■ **Records shown**:

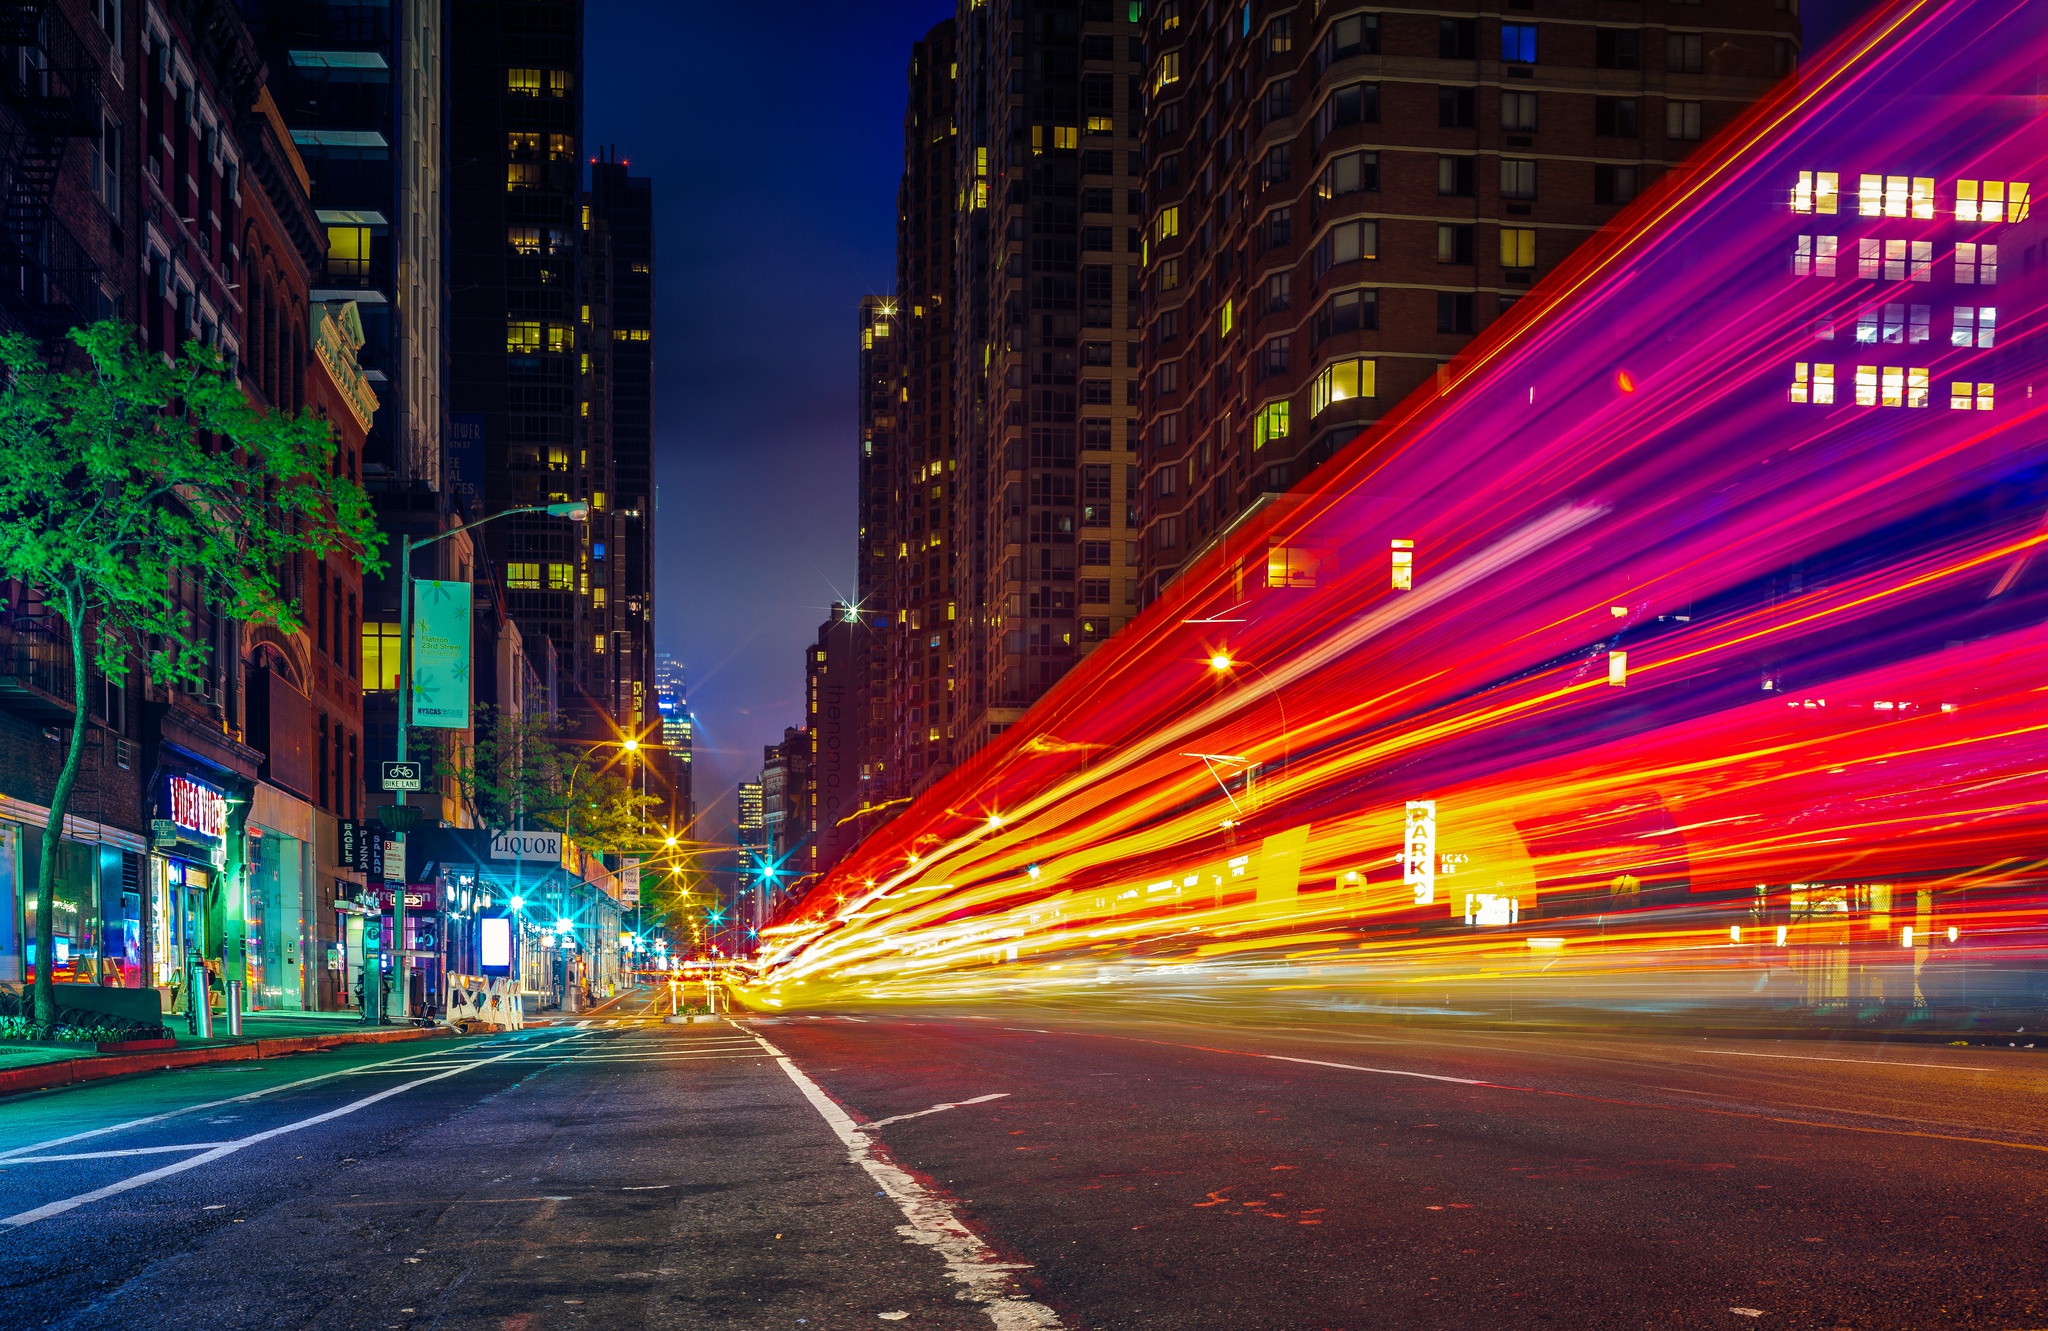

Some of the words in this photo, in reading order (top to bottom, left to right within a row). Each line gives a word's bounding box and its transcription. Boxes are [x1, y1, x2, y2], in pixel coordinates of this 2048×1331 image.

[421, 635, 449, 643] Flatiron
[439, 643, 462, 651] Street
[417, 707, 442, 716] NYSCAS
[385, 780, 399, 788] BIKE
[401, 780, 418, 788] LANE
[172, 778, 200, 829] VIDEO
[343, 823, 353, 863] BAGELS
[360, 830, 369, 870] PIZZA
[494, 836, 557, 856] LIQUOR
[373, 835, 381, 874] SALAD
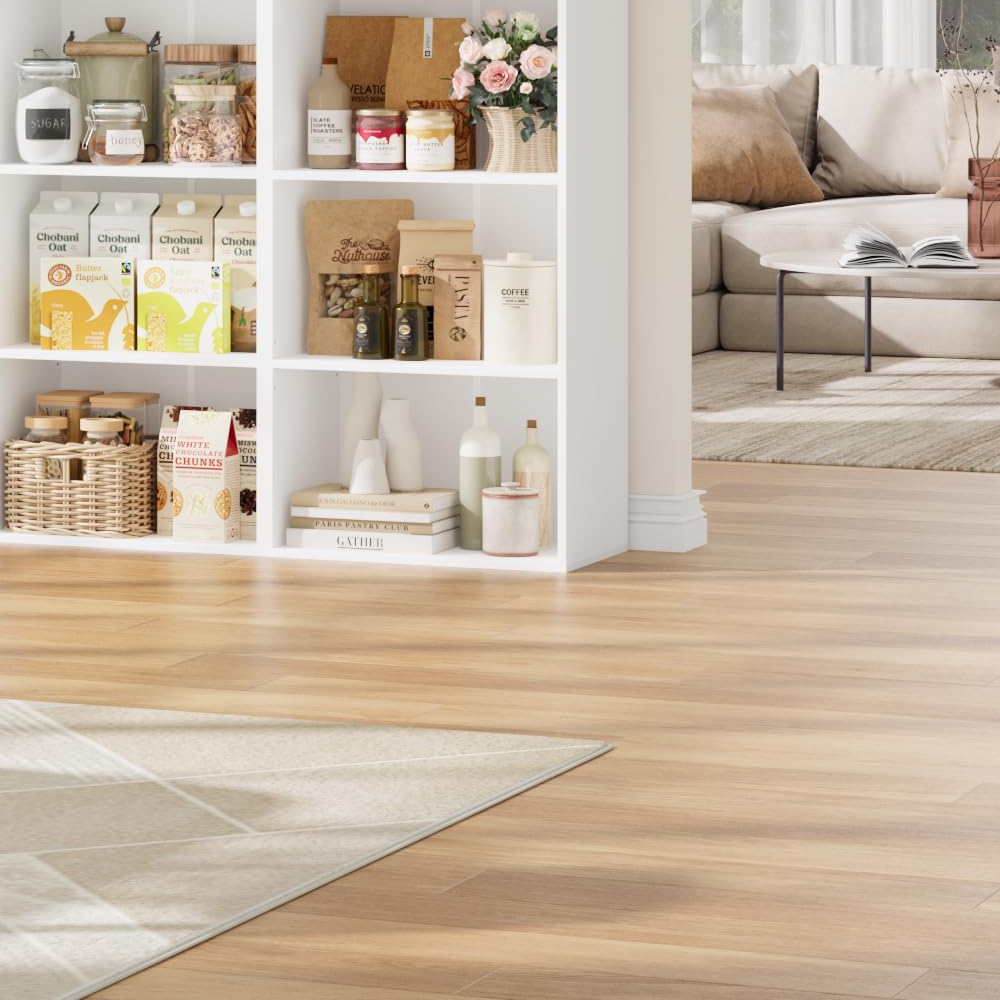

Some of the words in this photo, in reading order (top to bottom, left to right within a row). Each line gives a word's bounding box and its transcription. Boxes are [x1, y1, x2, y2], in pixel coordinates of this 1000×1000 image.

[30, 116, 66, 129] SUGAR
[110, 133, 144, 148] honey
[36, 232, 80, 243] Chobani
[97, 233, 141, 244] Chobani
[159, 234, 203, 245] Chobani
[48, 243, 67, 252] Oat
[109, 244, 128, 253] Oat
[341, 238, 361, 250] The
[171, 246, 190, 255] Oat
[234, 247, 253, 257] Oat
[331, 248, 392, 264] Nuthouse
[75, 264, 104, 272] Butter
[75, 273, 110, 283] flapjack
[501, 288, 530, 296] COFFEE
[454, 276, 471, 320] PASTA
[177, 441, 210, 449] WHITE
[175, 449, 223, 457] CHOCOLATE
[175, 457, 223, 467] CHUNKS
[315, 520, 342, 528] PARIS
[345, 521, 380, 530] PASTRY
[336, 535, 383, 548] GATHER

■ **Problem details**:
Write every record out again exactly as written. Pictures don't belong in the copy.

■ **Result**:
Some of the words in this photo, in reading order (top to bottom, left to right within a row). Each line gives a word's bounding box and its transcription. Boxes are [x1, y1, x2, y2], in pixel coordinates of this 2048×1331 image.

[421, 635, 449, 643] Flatiron
[439, 643, 462, 651] Street
[417, 707, 442, 716] NYSCAS
[385, 780, 399, 788] BIKE
[401, 780, 418, 788] LANE
[172, 778, 200, 829] VIDEO
[343, 823, 353, 863] BAGELS
[360, 830, 369, 870] PIZZA
[494, 836, 557, 856] LIQUOR
[373, 835, 381, 874] SALAD

Some of the words in this photo, in reading order (top to bottom, left to right within a row). Each line gives a word's bounding box and its transcription. Boxes are [x1, y1, x2, y2], in pixel coordinates of this 1000×1000 image.

[30, 116, 66, 129] SUGAR
[110, 133, 144, 148] honey
[36, 232, 80, 243] Chobani
[97, 233, 141, 244] Chobani
[159, 234, 203, 245] Chobani
[48, 243, 67, 252] Oat
[109, 244, 128, 253] Oat
[341, 238, 361, 250] The
[171, 246, 190, 255] Oat
[234, 247, 253, 257] Oat
[331, 248, 392, 264] Nuthouse
[75, 264, 104, 272] Butter
[75, 273, 110, 283] flapjack
[501, 288, 530, 296] COFFEE
[454, 276, 471, 320] PASTA
[177, 441, 210, 449] WHITE
[175, 449, 223, 457] CHOCOLATE
[175, 457, 223, 467] CHUNKS
[315, 520, 342, 528] PARIS
[345, 521, 380, 530] PASTRY
[336, 535, 383, 548] GATHER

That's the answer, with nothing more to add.